EXERCISE REQUIREMENTS - Please print the listing that follows word for word, but skip any pictures it holds.

------------------------

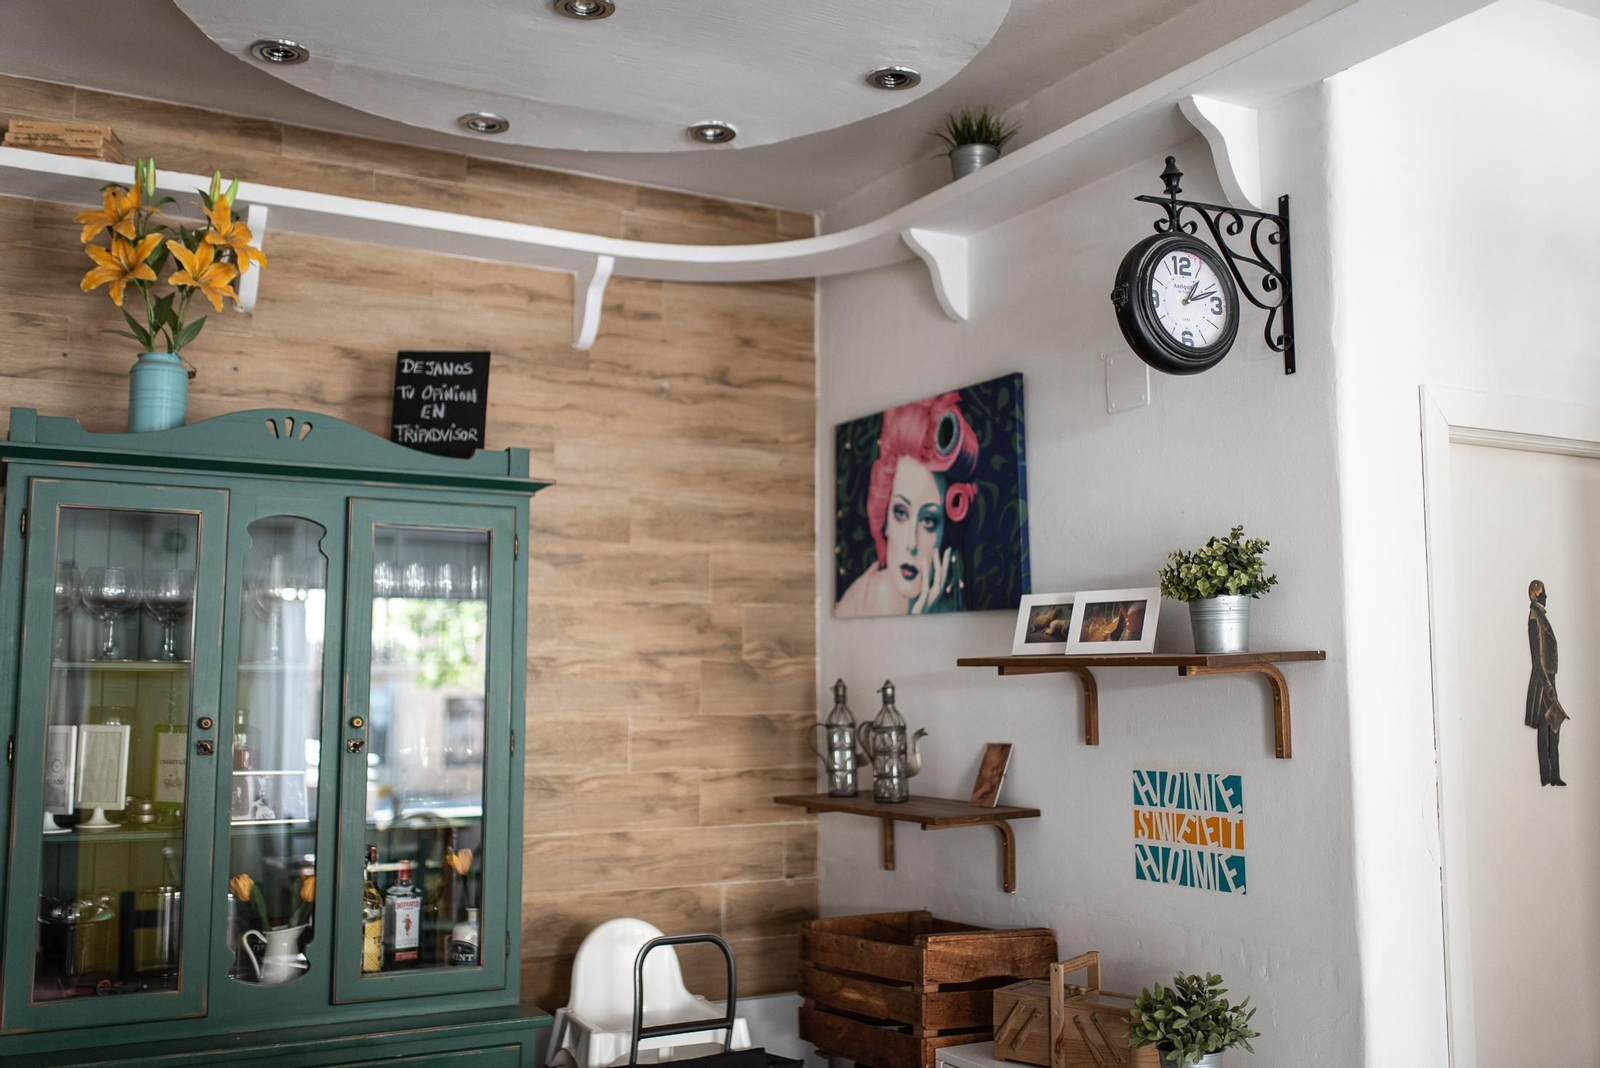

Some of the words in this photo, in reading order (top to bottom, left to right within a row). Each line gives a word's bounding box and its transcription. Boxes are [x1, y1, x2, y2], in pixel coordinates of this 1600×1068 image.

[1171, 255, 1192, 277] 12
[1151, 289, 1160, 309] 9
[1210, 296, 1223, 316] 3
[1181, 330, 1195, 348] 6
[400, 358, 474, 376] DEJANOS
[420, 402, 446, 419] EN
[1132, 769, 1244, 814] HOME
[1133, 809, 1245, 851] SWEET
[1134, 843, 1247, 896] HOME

------------------------

SOLUTION BELOW -
Some of the words in this photo, in reading order (top to bottom, left to right within a row). Each line gives a word's bounding box and its transcription. Boxes are [x1, y1, x2, y2], in pixel coordinates of this 1600×1068 image.

[1171, 255, 1192, 277] 12
[1151, 289, 1160, 309] 9
[1210, 296, 1223, 316] 3
[1181, 330, 1195, 348] 6
[400, 358, 474, 376] DEJANOS
[420, 402, 446, 419] EN
[1132, 769, 1244, 814] HOME
[1133, 809, 1245, 851] SWEET
[1134, 843, 1247, 896] HOME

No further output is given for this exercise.